If you get me something I don't want, you may as well not even get me a gift. You didn't think about me when you got the gift, you thought about yourself - and what you wanted me to have.

Really? I find that interesting that you believe that it makes the giver the center of attention. A gift is meant to put you a little in the attention circle, by saying: "I cared enough to get THIS for you."


More like "I cared enough to get you something I wanted you to have, nevermind what you actually want." With that sentiment, just count me out. You keep your money and your false generosity.
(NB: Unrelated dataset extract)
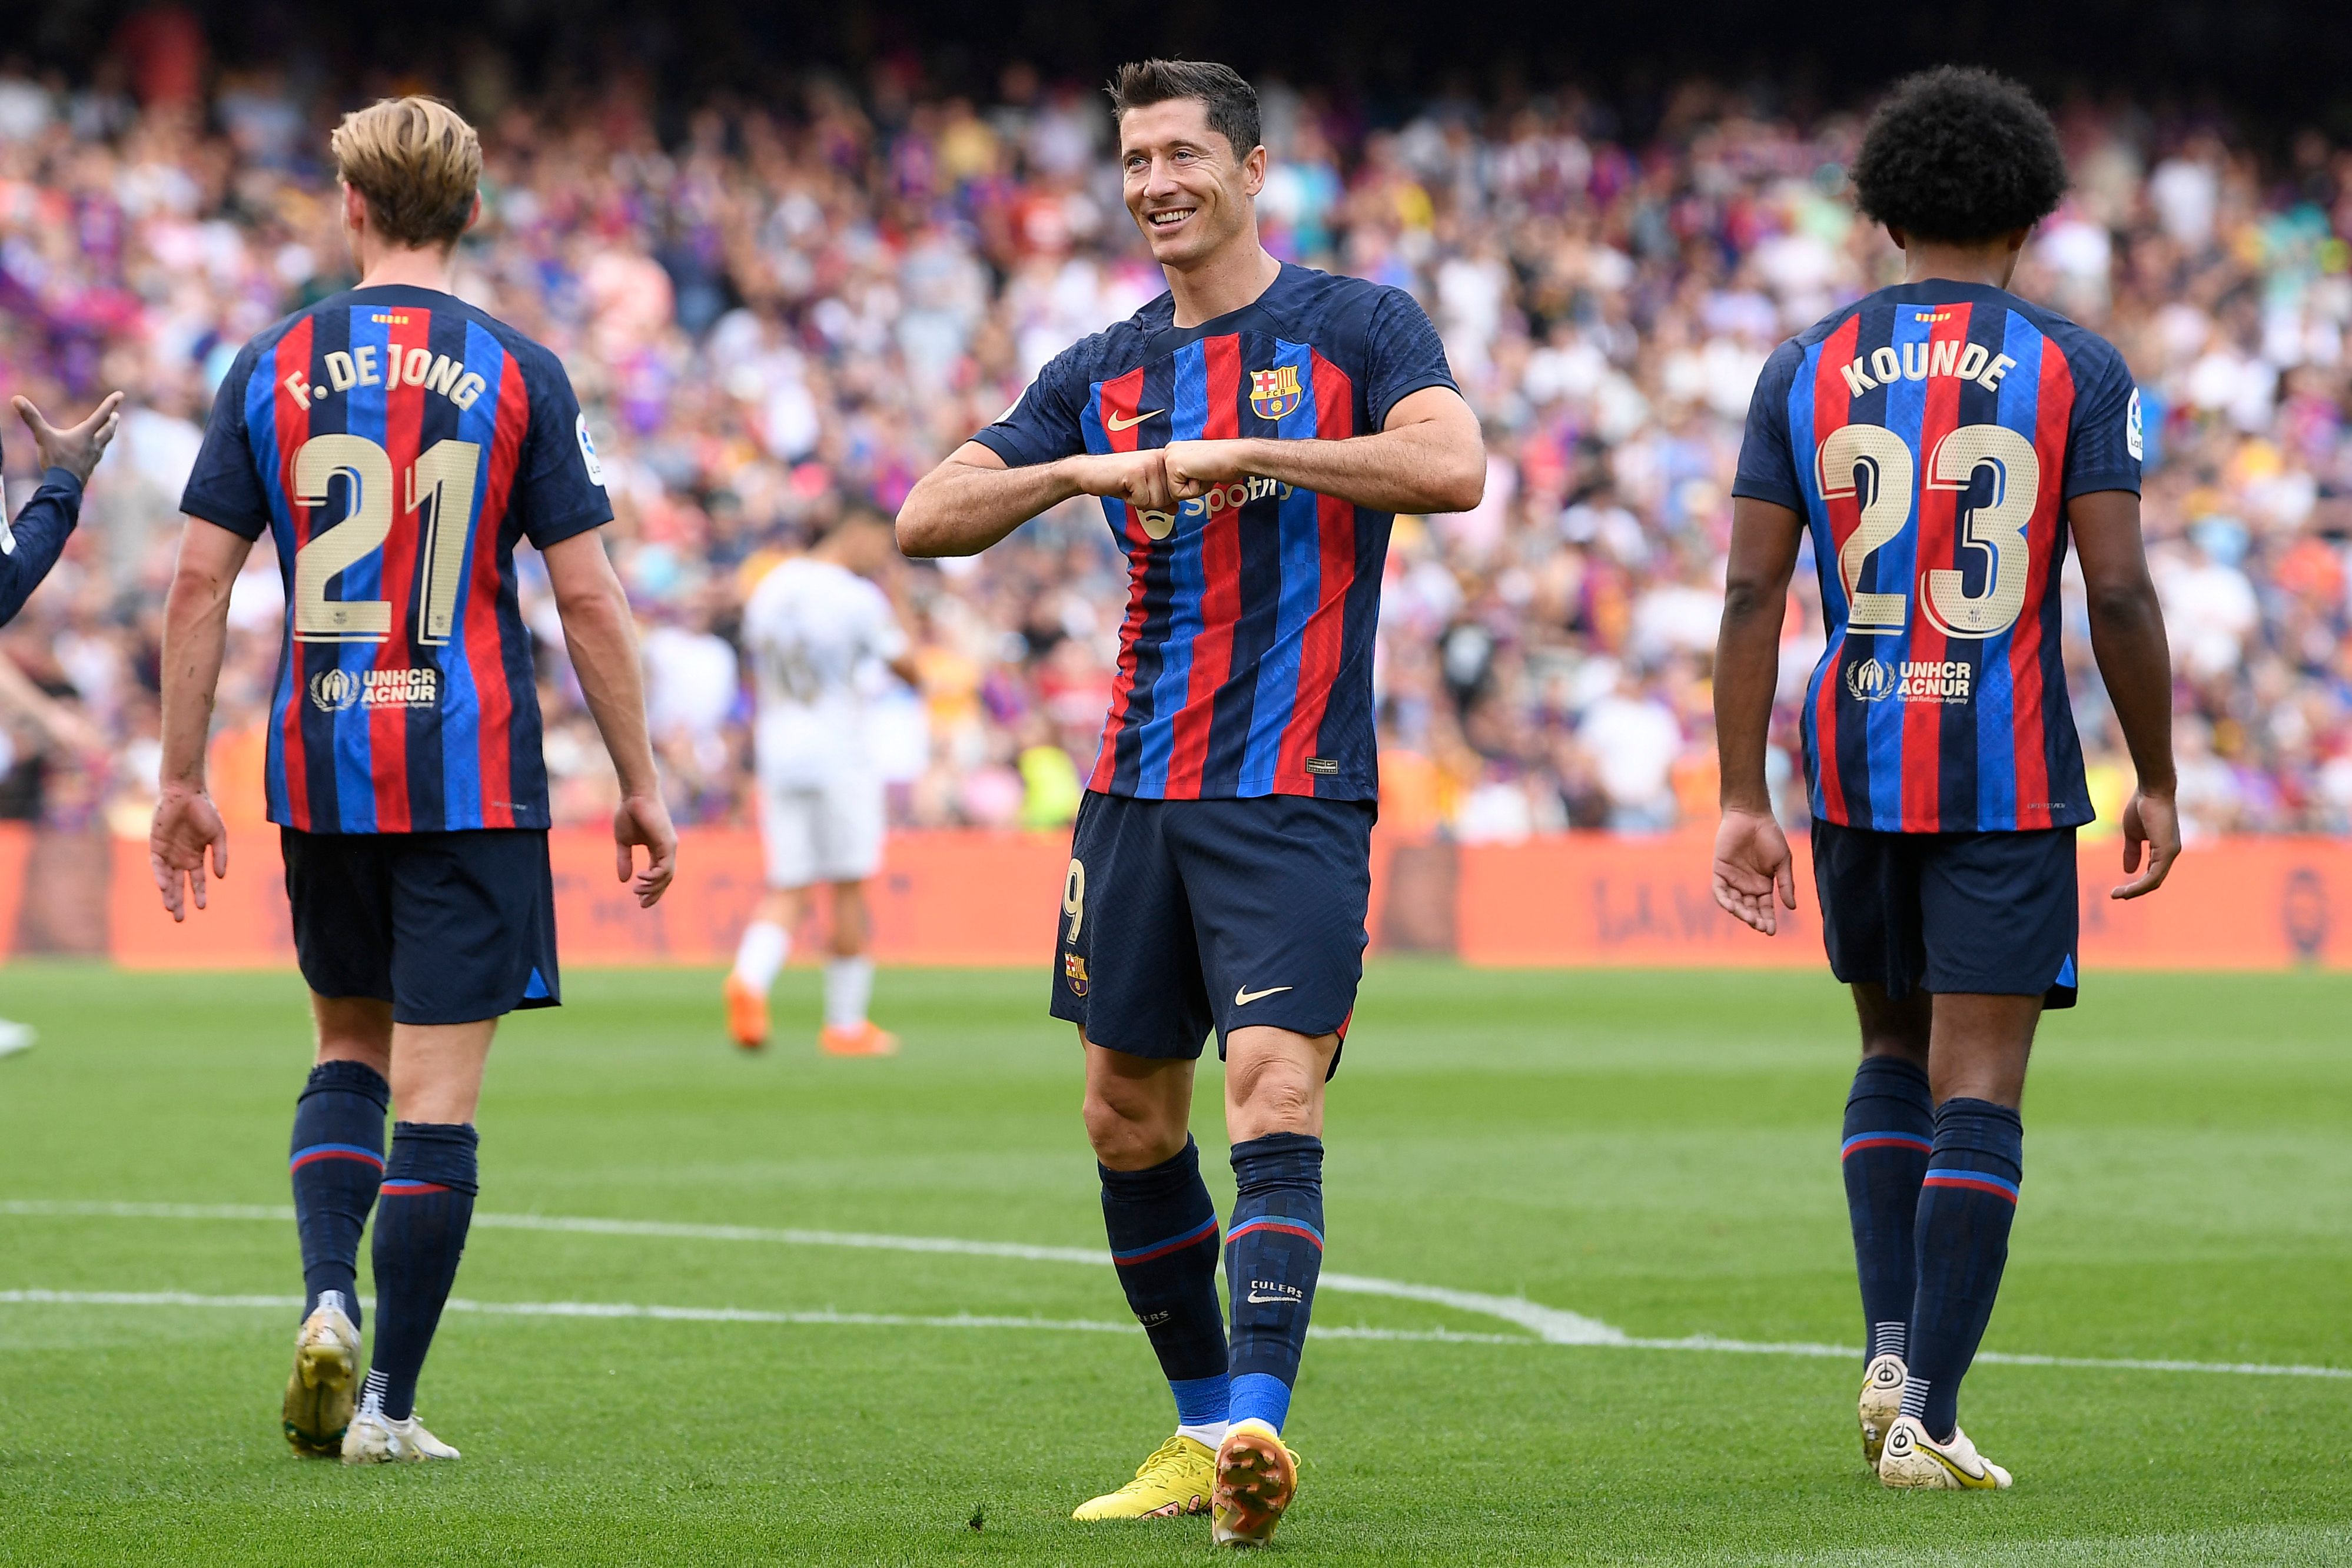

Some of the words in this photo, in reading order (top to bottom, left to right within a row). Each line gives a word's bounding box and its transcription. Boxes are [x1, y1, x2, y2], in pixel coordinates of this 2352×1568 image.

Because you perpetuate the lie that somehow, getting someone somthing you think they shoudl have, rather than what you know they want is being generous. In point of fact, it is the epitome of selfishness.
 

Storm Raven said:
If he's going to get me gifts I don't want, why should I take his desires into consideration when I'm getting him a gift? Everyone in the thread has been telling me that it is the giver's desires that are the most important, and that the recipient should be happy to get whatever the giver deigns to bestow upon him. I think he needs crappy Chris Farley movies. if his desires don't count (you know, like the book he said he wanted), why should I get it for him. I mean, if I'm just going to get him a book he wants, I should just hand him the cash.
You don't have to take anyone's desires into consideration. Don't put up with that bull. When are they gonna realize it's all about you. You decide what gifts you get, you decide what gifts they'll get. Hell, send me a list of the gifts you think I should get too since no one but you knows the proper way to gift.
 

Dingleberry said:
How something like "I'd prefer to not receive any gifts this year. I'm lucky to have all the things I need and want. If your holday spirit compels you to spend money on me, please share that spirit by making a donation to [Storm Raven's favorite charity] in my name. Happy Holidays."
best suggestion so far.
 

marshmallow said:
Did you even watch the movies? Then how do you know if you like them or not? Maybe the person who knew you had a tie rack thought you might like this one better? Maybe the person who bought you the sweater vest thought you'd look sharp in one if you'd give it a try?

I have previously seen Christmas Vacation. It was eh, and I don't usually like Chevy Chase. The giver knew this. They knew I didn't really like the movie.

I hate Adam Sandler. I have said, never get me an Adam Sandler movie. I have seen chunks of The waterboy, more than anough to know I hate the movie.

The tie rack purchased was chinsier (by far) than the one I already have. The giver knew this. He got it as a floor sample, and it was cheap.

I don't like sweater vests, and don't wear them. The giver knew this.

Gifts are gifts. They are not an obligation. I'm wondering how much of this "hating gifts" is really hurt feelings that your relatives either don't know you well enough to "know" what you want or won't listen to you.

They don't listen. That bothers me. if you are going to get me something I don't like, don't bother. I won't be offended. If you do get me something I don't like, I'm going to return it or give it away.
 

Storm Raven said:
Caring about someone is putting their desires above your own.

I have a friend I care about. This friend does drugs, to the point of abusing them and hurting himself. His desire: to keep doing them. My desire? To see him stop hurting himself.

Does this mean I don't care about him?